Activity: Could you return every record below word for word, leaving out the pictures?

Recorded information:

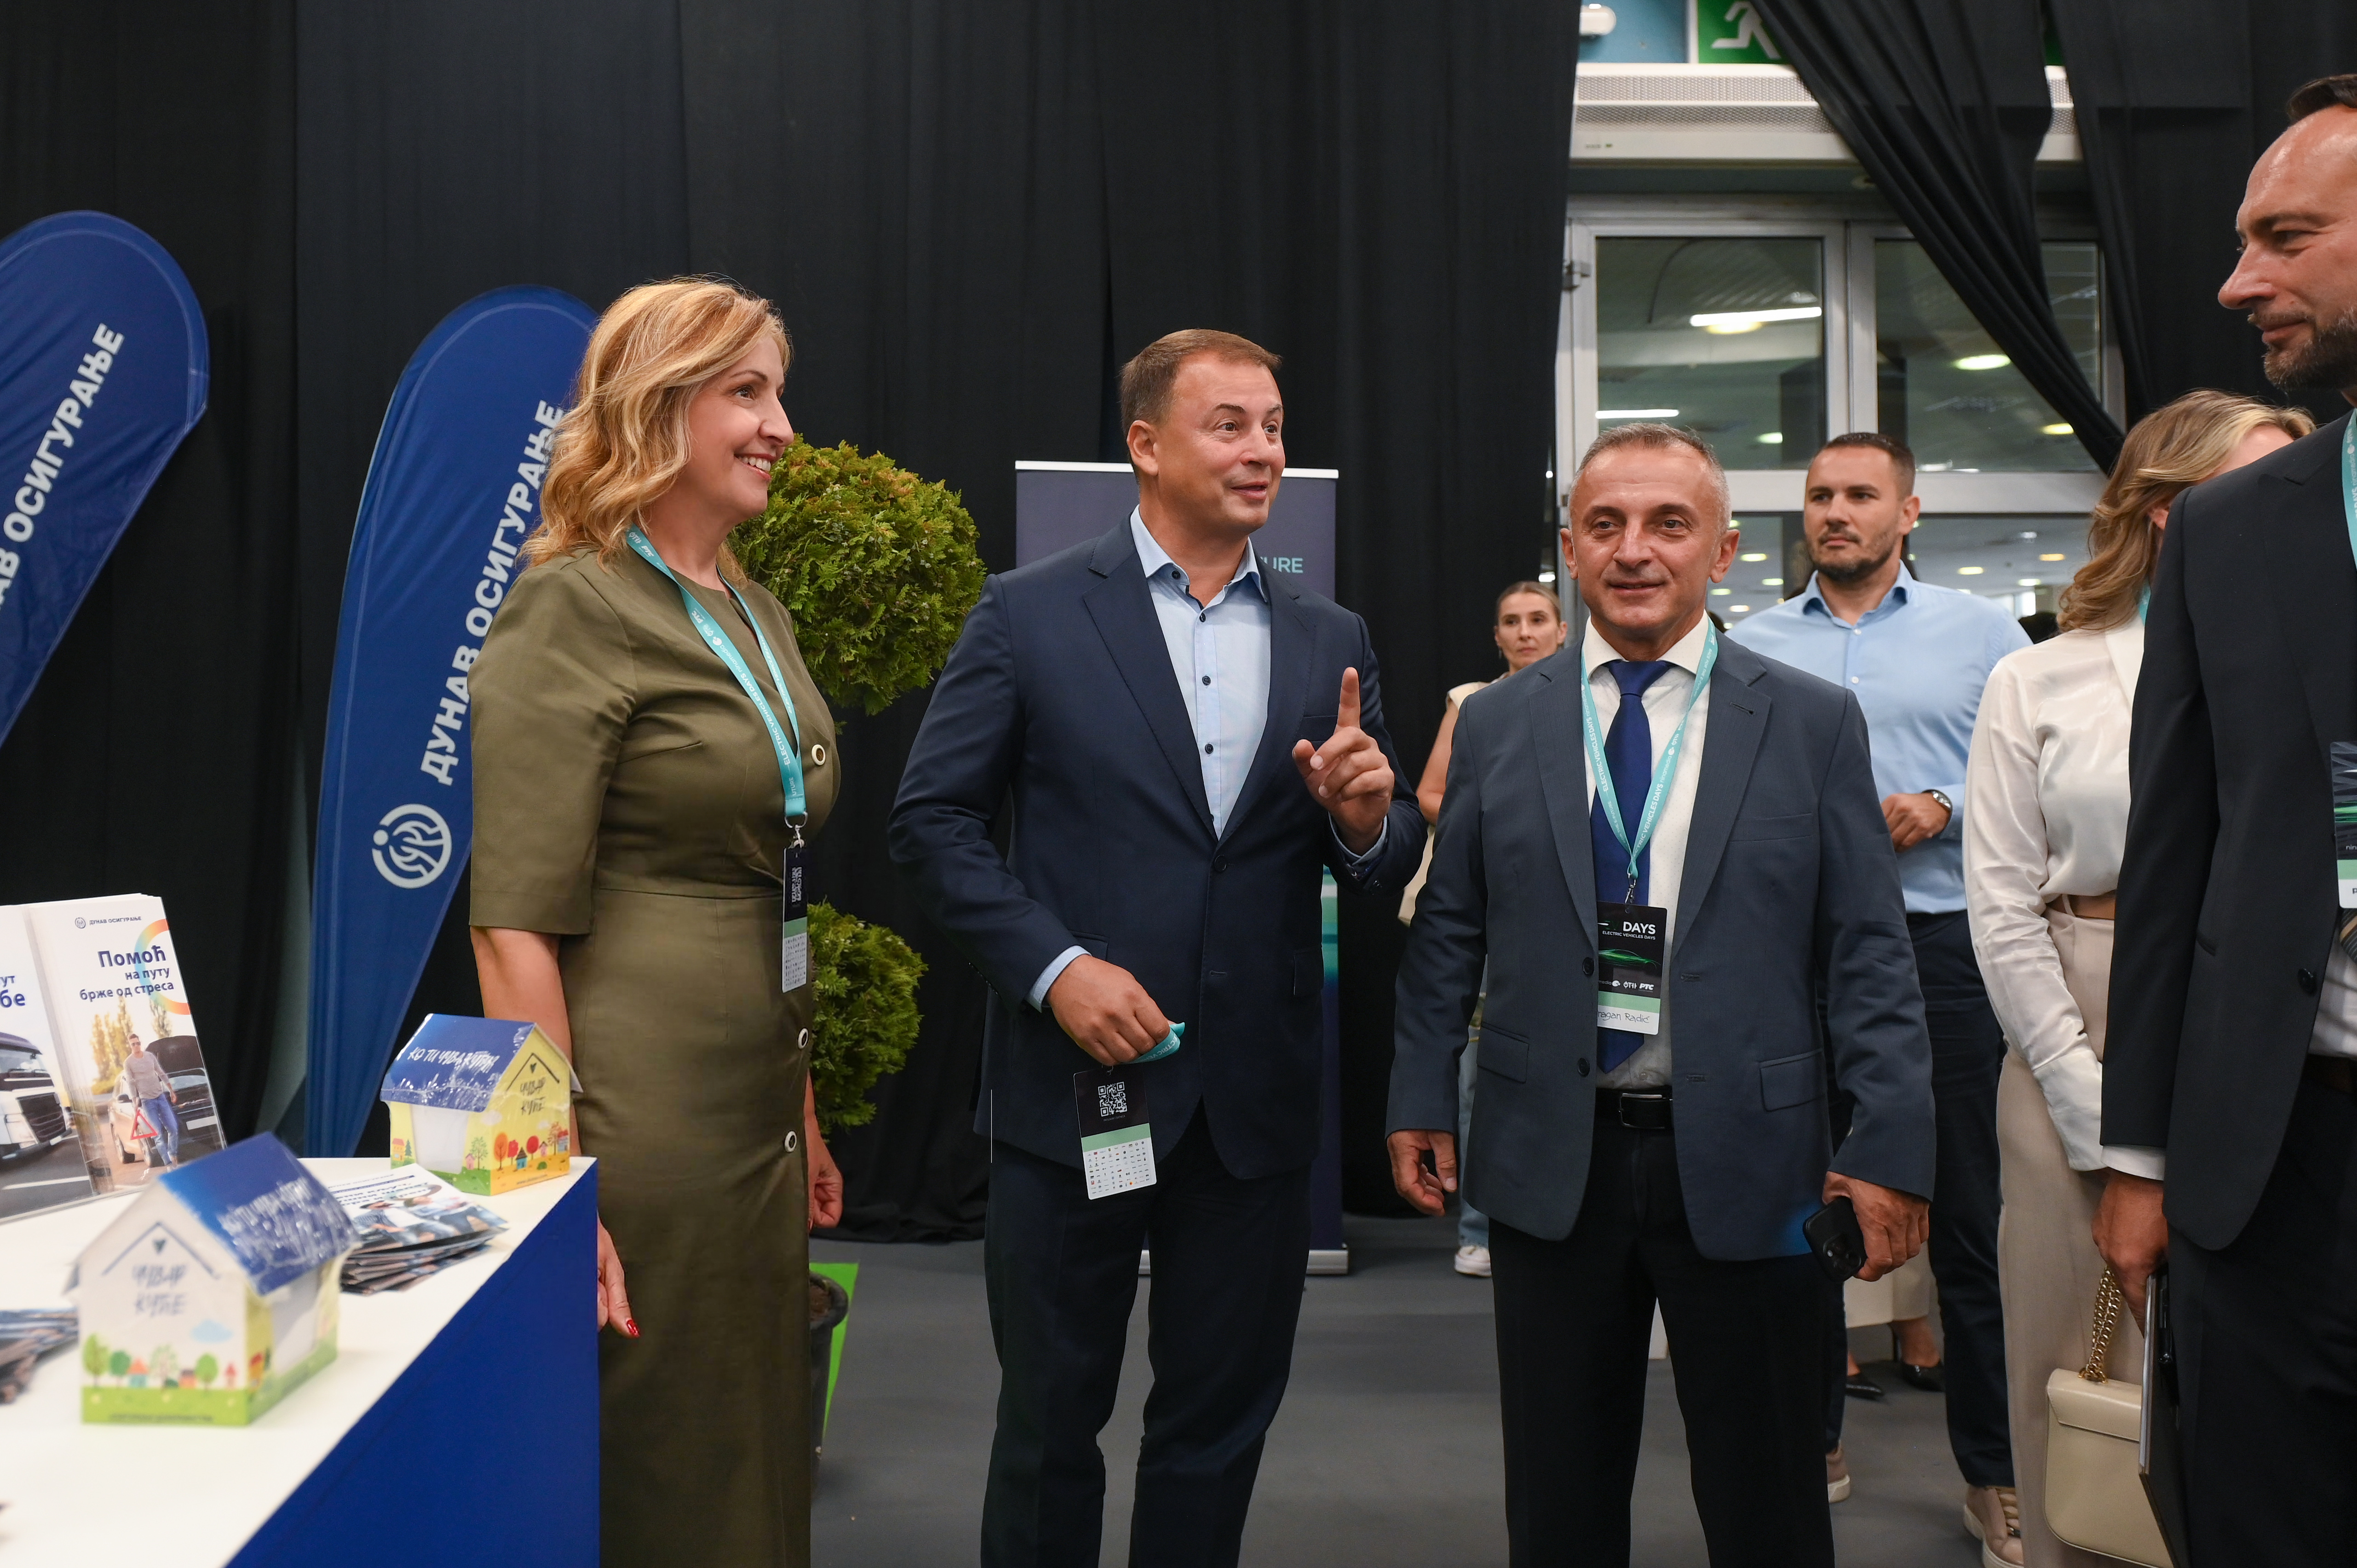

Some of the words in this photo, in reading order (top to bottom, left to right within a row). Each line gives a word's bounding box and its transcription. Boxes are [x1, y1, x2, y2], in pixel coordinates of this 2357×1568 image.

[3, 323, 125, 543] ОСИГУРАЊЕ
[1260, 556, 1303, 573] URE
[420, 645, 482, 785] ДУНАВ
[466, 399, 564, 638] ОСИГУРАЊЕ
[719, 644, 743, 672] ninamedia
[740, 673, 755, 692] DAYS
[753, 691, 775, 728] VEHICLES
[1586, 717, 1595, 735] DAYS
[772, 727, 790, 765] ELECTRIC
[1590, 733, 1601, 763] VEHICLES
[1596, 760, 1609, 792] ELECTRIC
[1643, 801, 1658, 833] VEHICLES
[1653, 784, 1664, 802] DAYS
[1660, 756, 1672, 783] ninamedia
[1623, 921, 1656, 935] DAYS
[98, 945, 166, 967] Помоћ
[125, 971, 140, 980] на
[142, 968, 170, 980] путу
[79, 988, 113, 1002] брже
[116, 988, 132, 998] од
[135, 982, 174, 995] стреса
[1157, 1033, 1178, 1055] ECTRIC
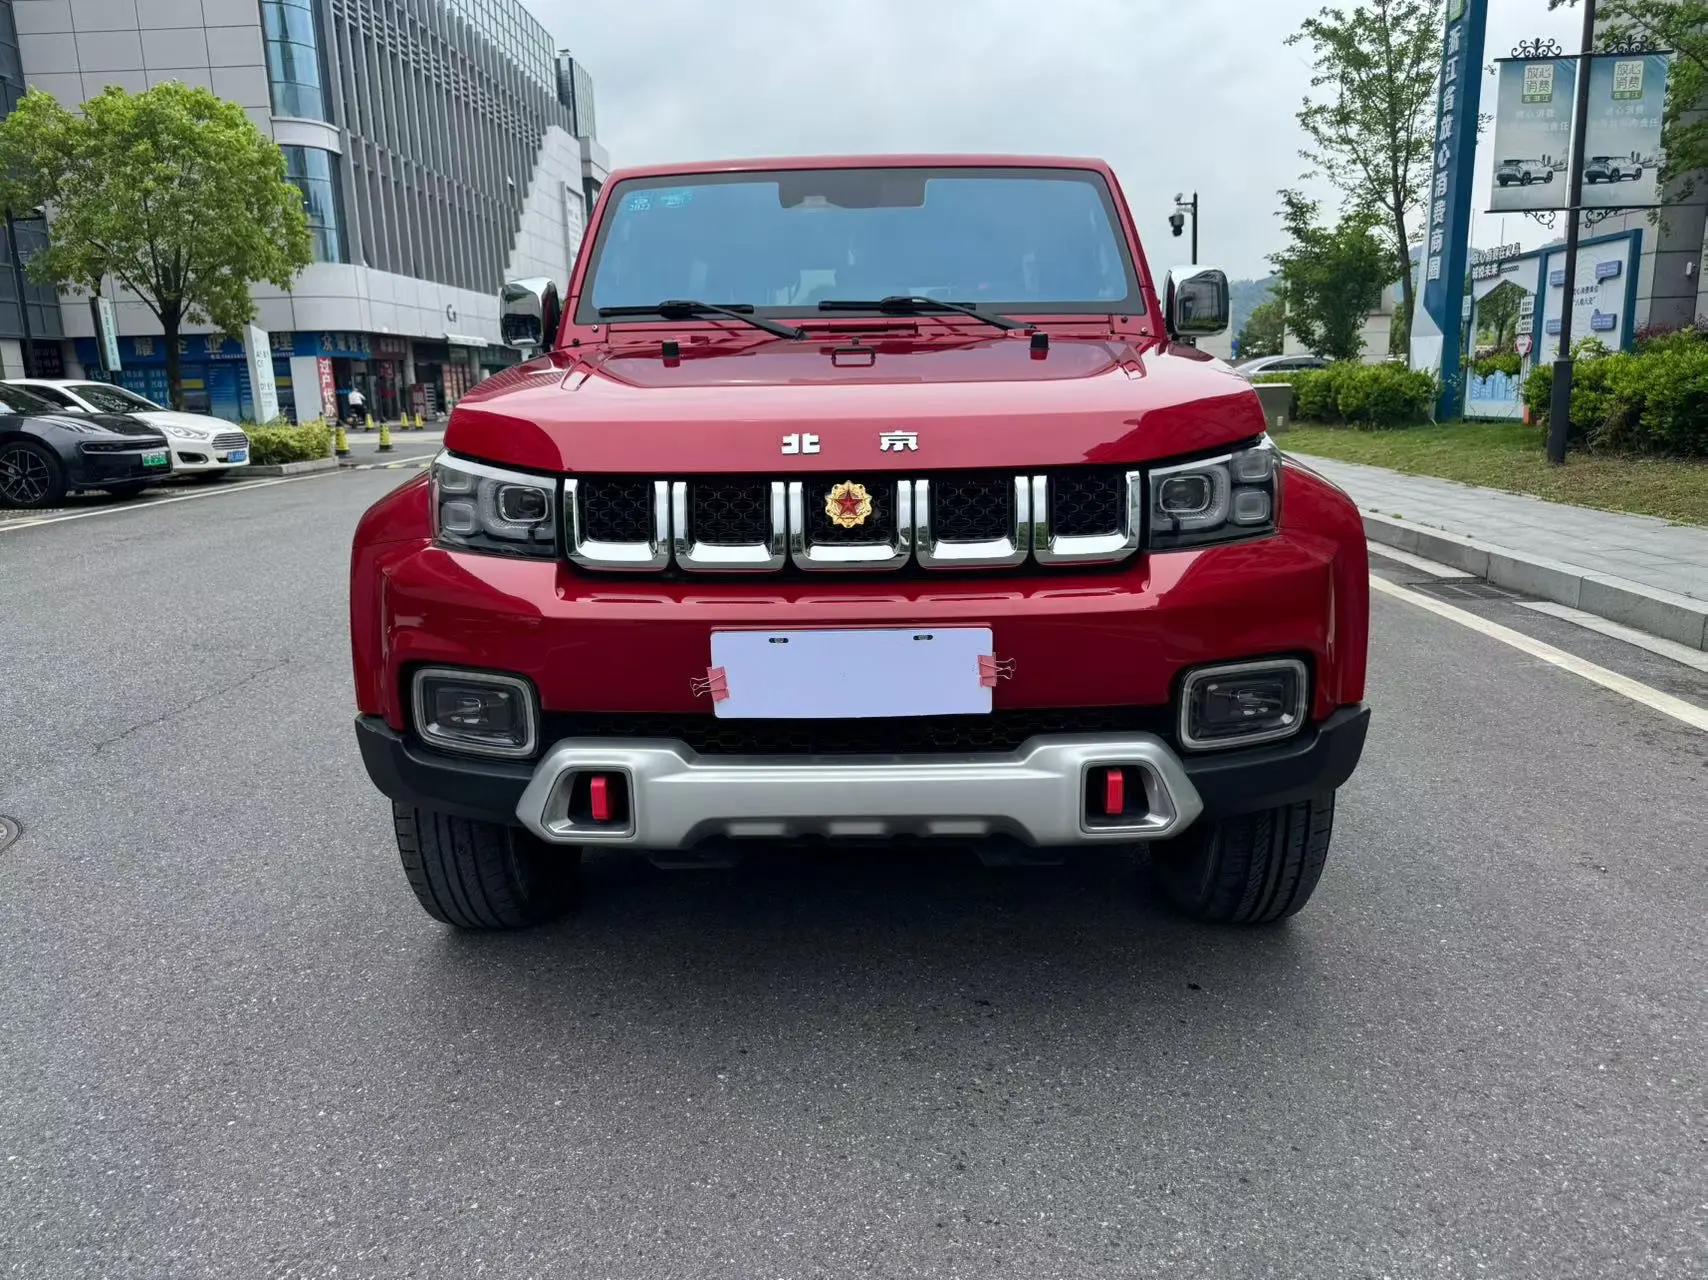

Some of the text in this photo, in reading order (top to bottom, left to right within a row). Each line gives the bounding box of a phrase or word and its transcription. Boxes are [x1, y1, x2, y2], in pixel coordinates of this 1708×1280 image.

[1526, 66, 1551, 80] 放心
[1616, 63, 1641, 76] 放心
[1525, 79, 1551, 94] 消费
[1615, 76, 1640, 90] 消费
[1428, 24, 1462, 280] 浙江省放心消费商圈
[781, 430, 919, 455] 北京
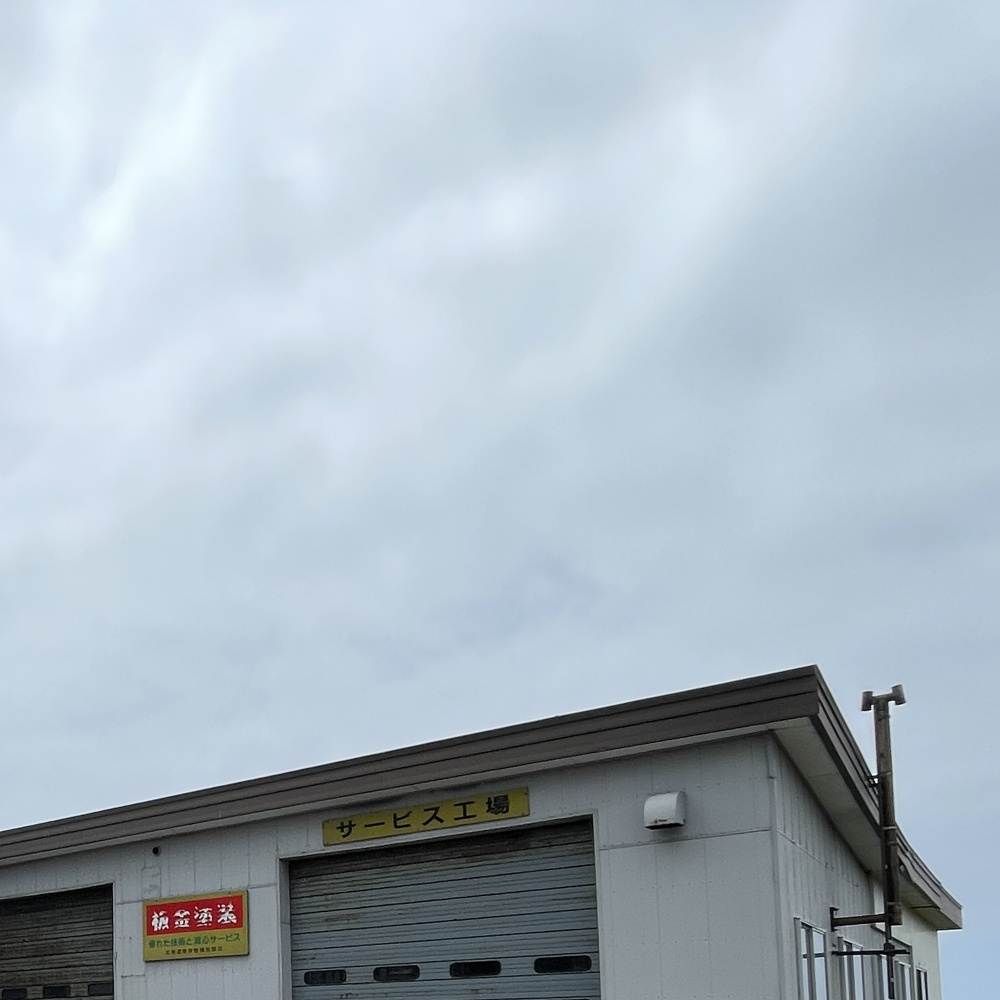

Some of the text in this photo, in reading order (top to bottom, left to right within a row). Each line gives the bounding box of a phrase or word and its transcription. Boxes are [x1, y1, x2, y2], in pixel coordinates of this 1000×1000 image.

Solution for this exercise:
Some of the words in this photo, in reading order (top to bottom, left to right within a row). Each line gives a word's bounding box and its transcription. Boxes are [x1, y1, x2, y2], in pixel coordinates of this 2357×1568 image.

[3, 323, 125, 543] ОСИГУРАЊЕ
[1260, 556, 1303, 573] URE
[420, 645, 482, 785] ДУНАВ
[466, 399, 564, 638] ОСИГУРАЊЕ
[719, 644, 743, 672] ninamedia
[740, 673, 755, 692] DAYS
[753, 691, 775, 728] VEHICLES
[1586, 717, 1595, 735] DAYS
[772, 727, 790, 765] ELECTRIC
[1590, 733, 1601, 763] VEHICLES
[1596, 760, 1609, 792] ELECTRIC
[1643, 801, 1658, 833] VEHICLES
[1653, 784, 1664, 802] DAYS
[1660, 756, 1672, 783] ninamedia
[1623, 921, 1656, 935] DAYS
[98, 945, 166, 967] Помоћ
[125, 971, 140, 980] на
[142, 968, 170, 980] путу
[79, 988, 113, 1002] брже
[116, 988, 132, 998] од
[135, 982, 174, 995] стреса
[1157, 1033, 1178, 1055] ECTRIC

Some of the text in this photo, in reading order (top to bottom, left to right within a row). Each line gives the bounding box of a phrase or word and its transcription. Boxes are [x1, y1, x2, y2], in pixel coordinates of this 1708×1280 image.

[1526, 66, 1551, 80] 放心
[1616, 63, 1641, 76] 放心
[1525, 79, 1551, 94] 消费
[1615, 76, 1640, 90] 消费
[1428, 24, 1462, 280] 浙江省放心消费商圈
[781, 430, 919, 455] 北京

Some of the text in this photo, in reading order (top to bottom, left to right within a row). Each line gives the bounding box of a phrase or word and its transcription. Boxes are [x1, y1, x2, y2], in pixel coordinates of this 1000×1000 image.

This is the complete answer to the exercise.